The proposed rule would use a six-factor “economic reality test” to to determine whether a worker is economically dependent on the employer or in business for themselves.

The litmus is based on the following factors:

  • If the work in question is an integral part of the employer’s business;
  • If the worker’s managerial skill affects the worker’s opportunity for profit or less;
  • If the relationship between the worker and employer is permanent or indefinite;
  • The nature and degree of the employer’s control;
  • If the worker uses specialized skills to perform the work, and if those skills contribute to business-like initiative; and
  • If investments by a worker are capital or entrepreneurial in nature.

The DOL said the proposed rule would “combat employee misclassification,” which occurs when an employer incorrectly defines a worker as an independent contractor rather than an employee.

“[Employee] misclassification deprives workers of their federal labor protections, including their right to be paid their full, legally earned wages,” said Labor secretary Marty Walsh.

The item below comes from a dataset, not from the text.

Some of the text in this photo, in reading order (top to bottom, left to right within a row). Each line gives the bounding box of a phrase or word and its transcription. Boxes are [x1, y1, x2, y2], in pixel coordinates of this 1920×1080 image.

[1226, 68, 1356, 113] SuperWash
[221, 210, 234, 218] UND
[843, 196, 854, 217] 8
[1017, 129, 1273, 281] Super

In announcing the proposed changes, the DOL states it is responsible for ensuring that employers do not misclassify FLSA-covered workers as independent contractors and deprive them of their legal wage and hour protections. Misclassification denies basic worker protections such as minimum wage and overtime pay and affects a wide range of workers in the home care, janitorial services, trucking, delivery, construction, personal services, and hospitality and restaurant industries, among others.

Before publication earlier this month of the proposed rulemaking, the department’s Wage and Hour Division considered feedback shared by stakeholders in forums during the summer of 2022 and is now soliciting comments on the proposed rule from interested parties through November 28, 2022.

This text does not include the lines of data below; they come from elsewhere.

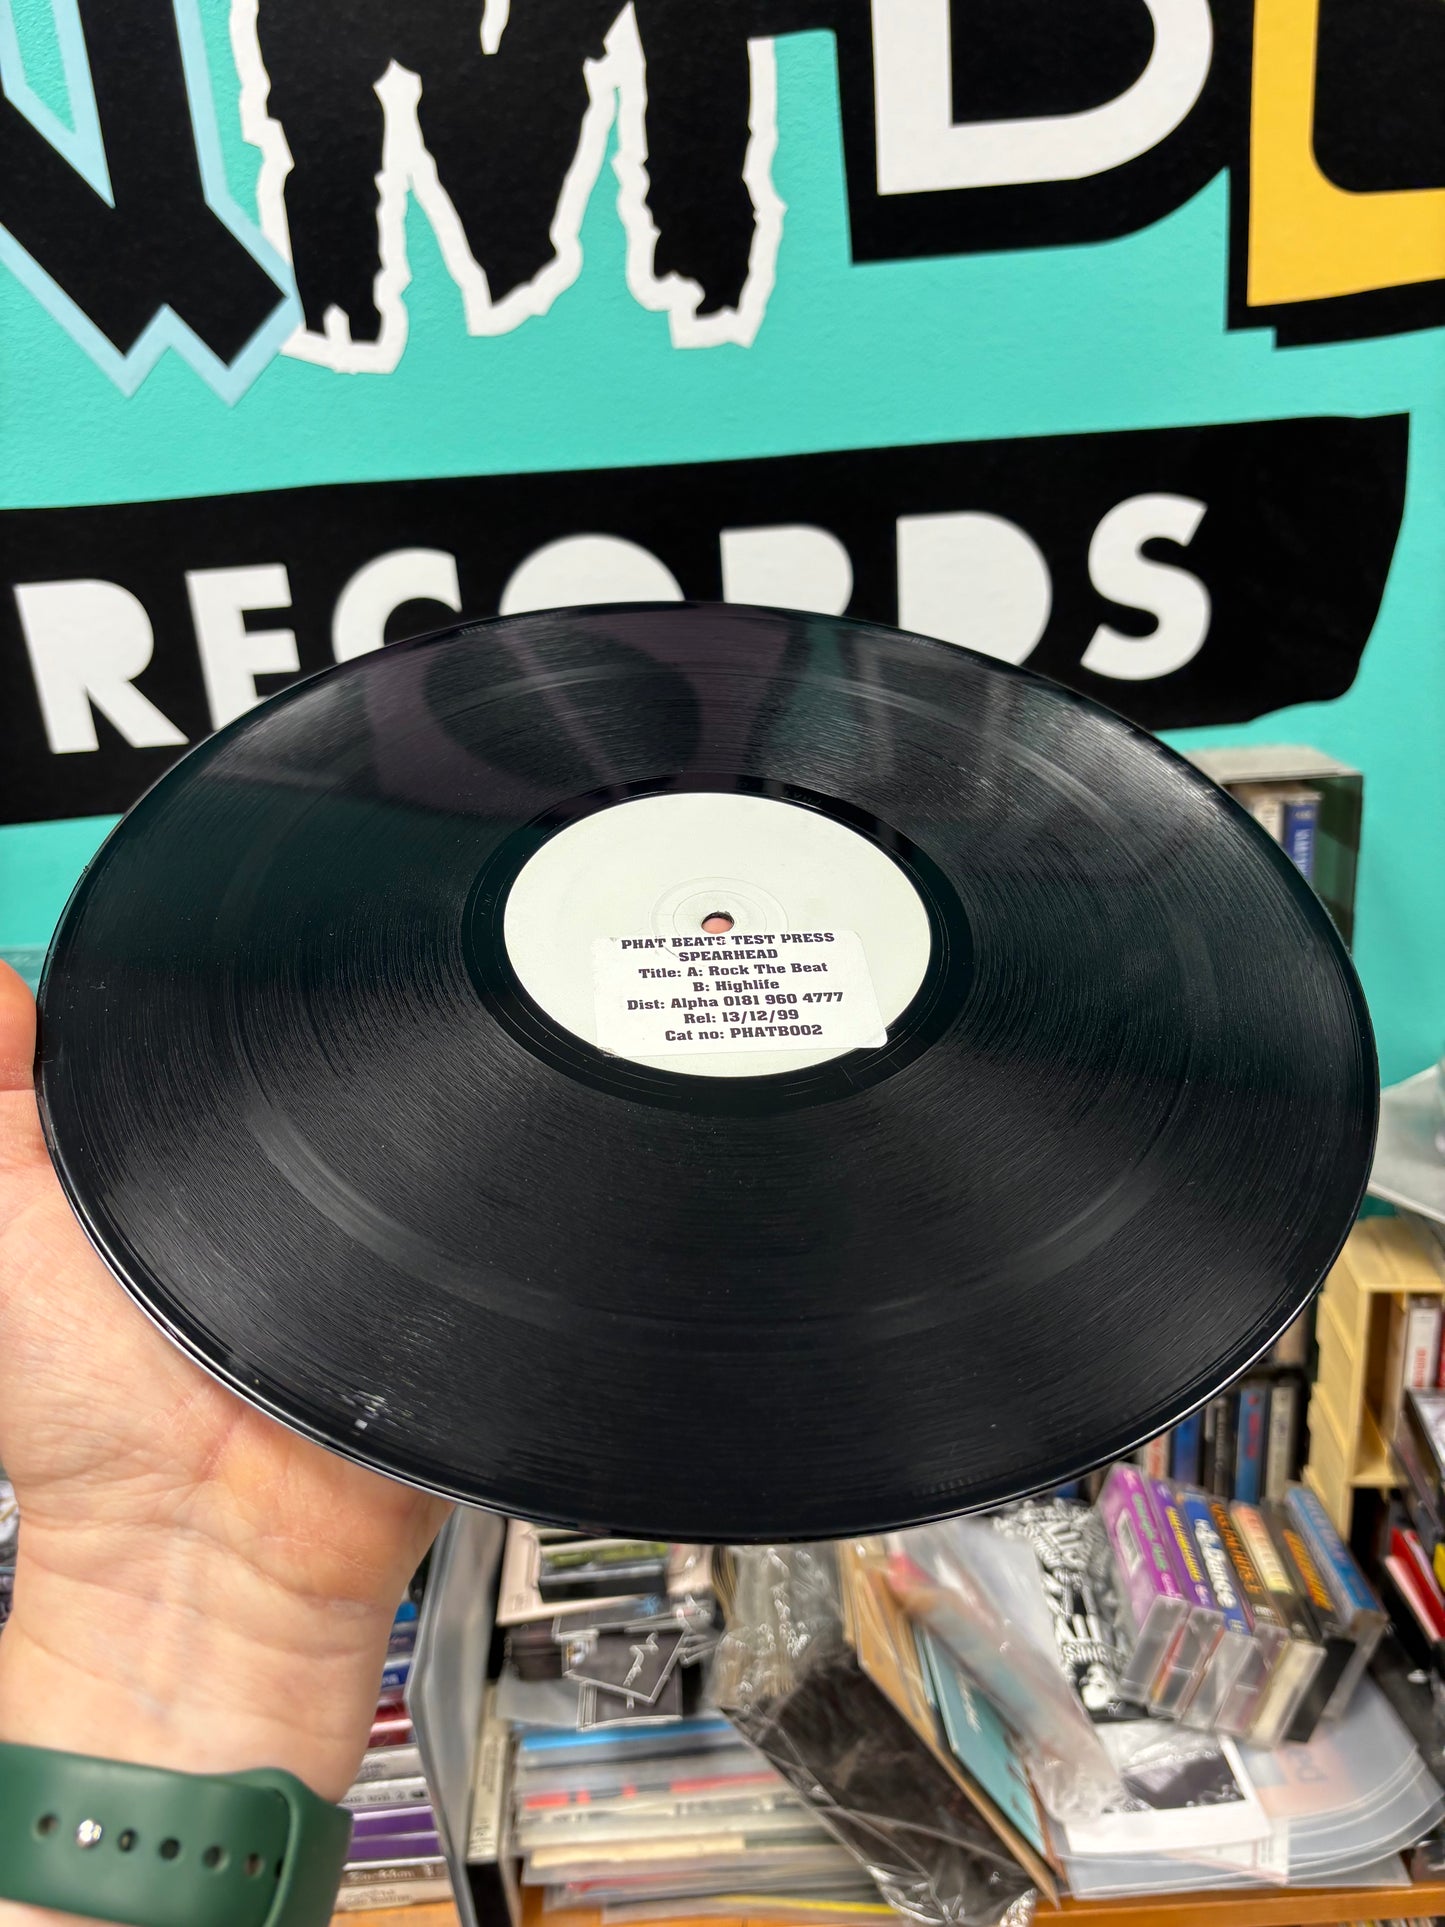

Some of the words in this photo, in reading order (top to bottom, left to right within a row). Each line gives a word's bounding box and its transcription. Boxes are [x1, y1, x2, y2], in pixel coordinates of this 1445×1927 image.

[621, 938, 666, 949] PHAT
[671, 936, 726, 948] BEATS
[731, 934, 775, 945] TEST
[780, 932, 835, 943] PRESS
[679, 949, 778, 962] SPEARHEAD
[638, 968, 681, 978] Title:
[687, 967, 703, 977] A:
[708, 965, 749, 976] Rock
[753, 964, 786, 974] The
[790, 962, 828, 973] Beat
[693, 981, 710, 992] B:
[715, 979, 780, 993] Highlife
[627, 999, 665, 1010] Dist:
[671, 997, 719, 1010] Alpha
[723, 994, 760, 1006] 0181
[765, 993, 798, 1005] 960
[802, 991, 843, 1003] 4777
[683, 1012, 716, 1024] Rel:
[722, 1009, 799, 1024] 13/12/99
[665, 1030, 693, 1041] Cat
[698, 1031, 724, 1040] no:
[729, 1024, 823, 1038] PHATB002

Specifically, the DOL announced that the proposed changes would:

  • Align the department’s approach with courts’ FLSA interpretation and the economic reality test.
  • Restore the multifactor, totality-of-the-circumstances analysis to determine whether a worker is an employee or an independent contractor under the FLSA.
  • Ensure that all factors are analyzed without assigning a predetermined weight to a particular factor or set of factors.
  • Revert to the longstanding interpretation of the economic reality factors. These factors include the investment, control and opportunity for profit or loss factors. The integral factor, which considers whether the work is integral to the employer’s business, is also included.
  • Assist with the proper classification of employees and independent contractors under the FLSA.
  • Rescind the 2021 Independent Contractor Rule.

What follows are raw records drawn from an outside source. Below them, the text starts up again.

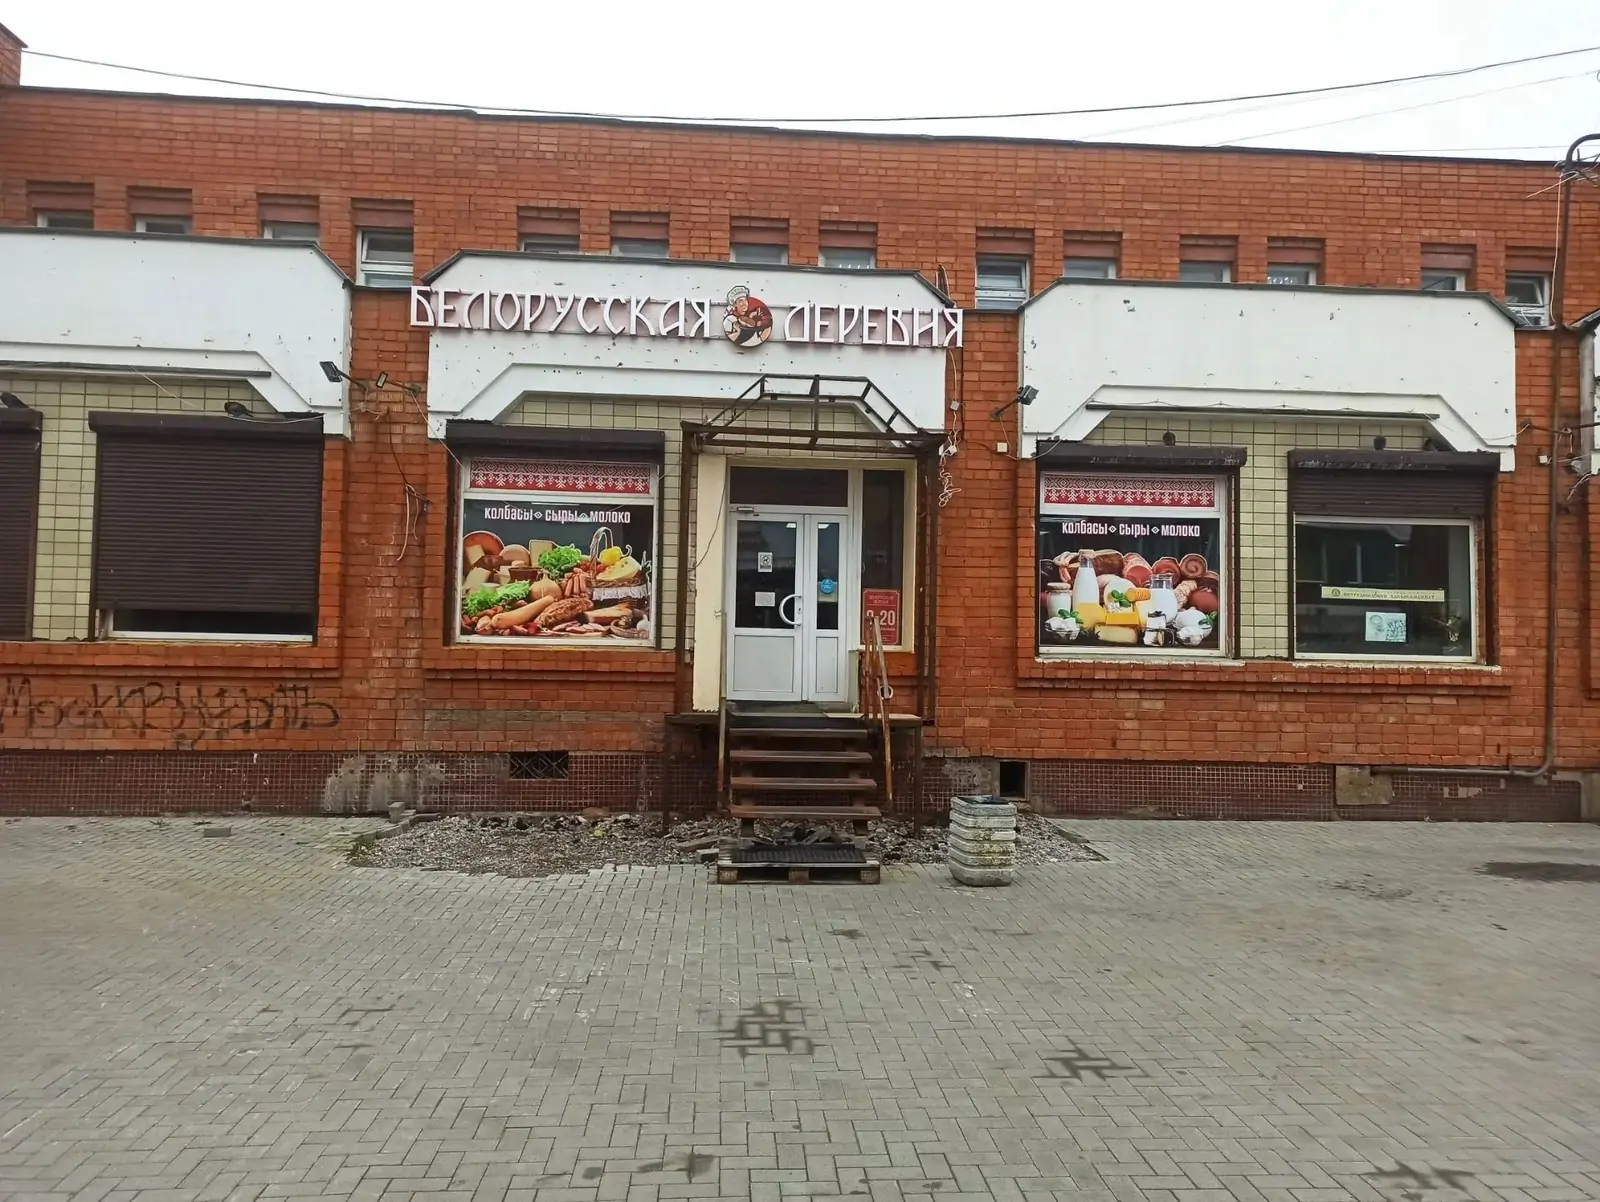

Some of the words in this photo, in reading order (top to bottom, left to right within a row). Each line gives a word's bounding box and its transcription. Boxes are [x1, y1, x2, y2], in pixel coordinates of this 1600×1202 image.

[409, 285, 712, 338] БЕЛОРУССКАЯ
[783, 303, 964, 348] ДЕРЕВНЯ
[484, 505, 533, 521] колбасы
[545, 509, 578, 524] сыры
[589, 509, 631, 523] молоко
[1062, 520, 1108, 535] колбасы
[1119, 523, 1150, 538] сыры
[1161, 524, 1200, 537] молоко
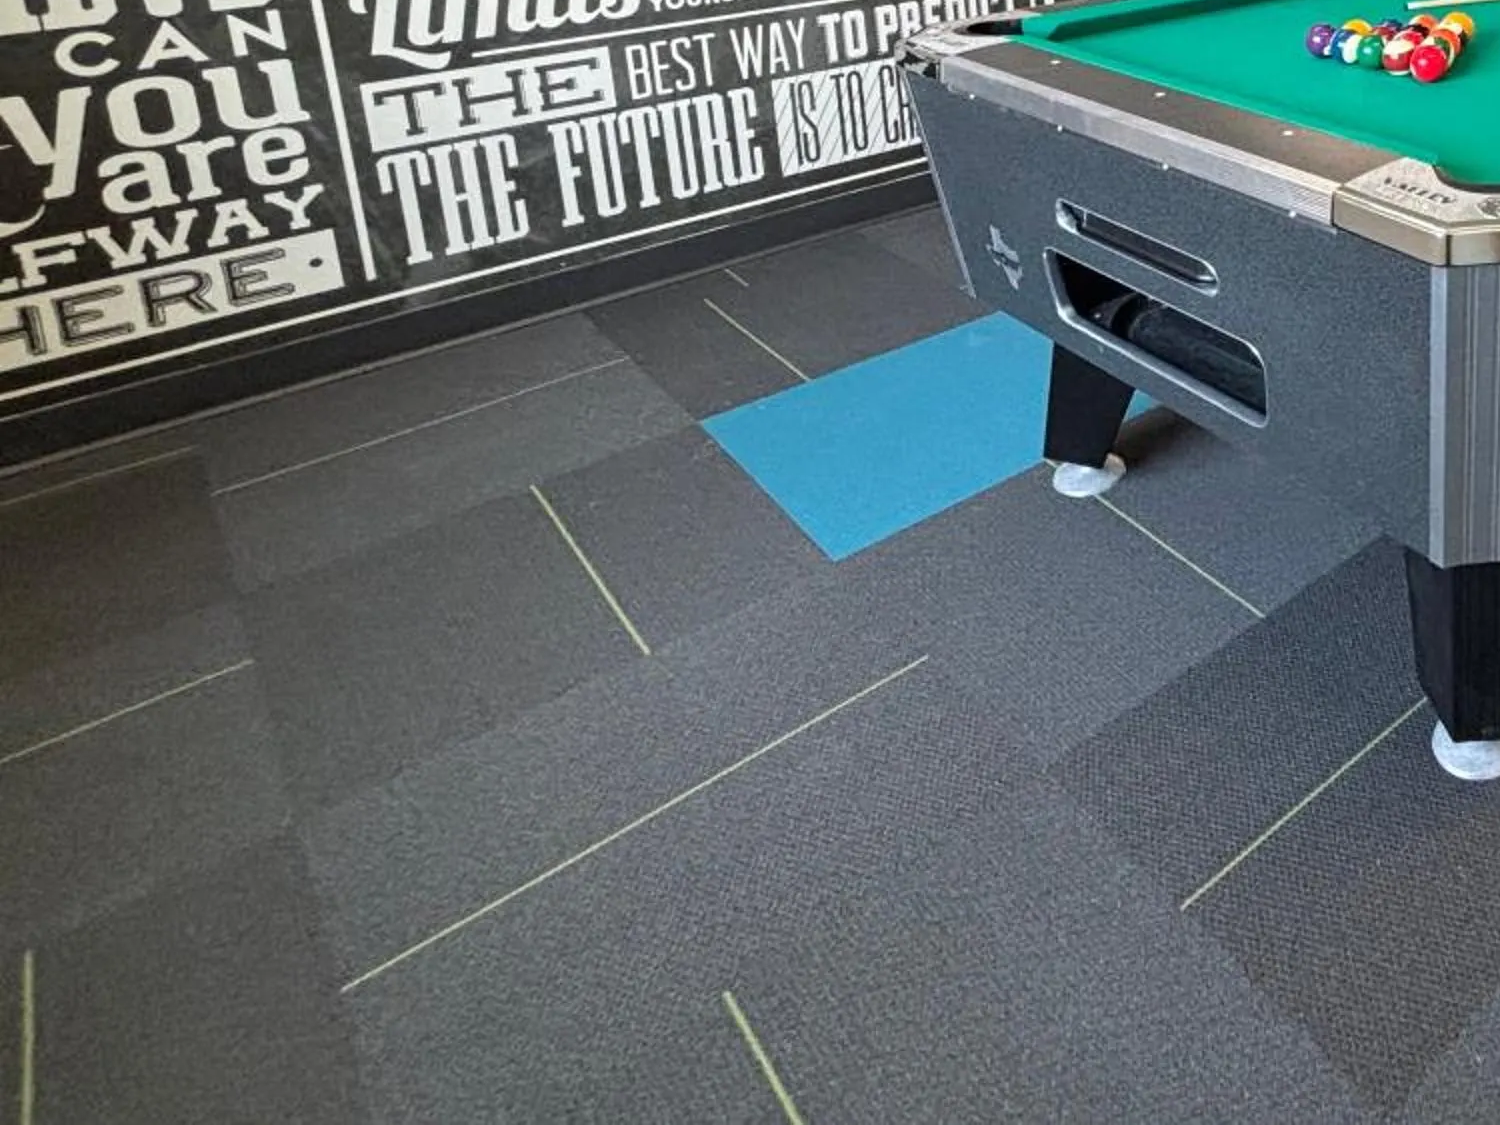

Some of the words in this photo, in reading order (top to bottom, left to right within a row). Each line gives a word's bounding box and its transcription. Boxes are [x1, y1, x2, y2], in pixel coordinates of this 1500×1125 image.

[54, 9, 288, 77] CAN
[373, 57, 606, 137] THE
[624, 32, 717, 101] BEST
[729, 17, 806, 80] WAY
[815, 8, 868, 64] TO
[0, 59, 311, 201] you
[97, 127, 311, 215] are
[376, 133, 530, 265] THE
[547, 86, 765, 228] FUTURE
[788, 79, 821, 166] IS
[830, 71, 869, 156] TO

The National Association of Homebuilders (NAHB) supported the 2021 Independent Contractor Rule, which it says gives greater weight to two factors in determining whether a worker is an employee or independent contractor, even if other factors are relevant — the nature and degree of the worker’s control over the work, and the worker’s opportunity for profit or loss. Considering that it might be rescinded, the NAHB is analyzing the contents of the proposed rule and assessing its impact on residential construction, and has indicated via press release it will submit comments in response to DOL before the deadline.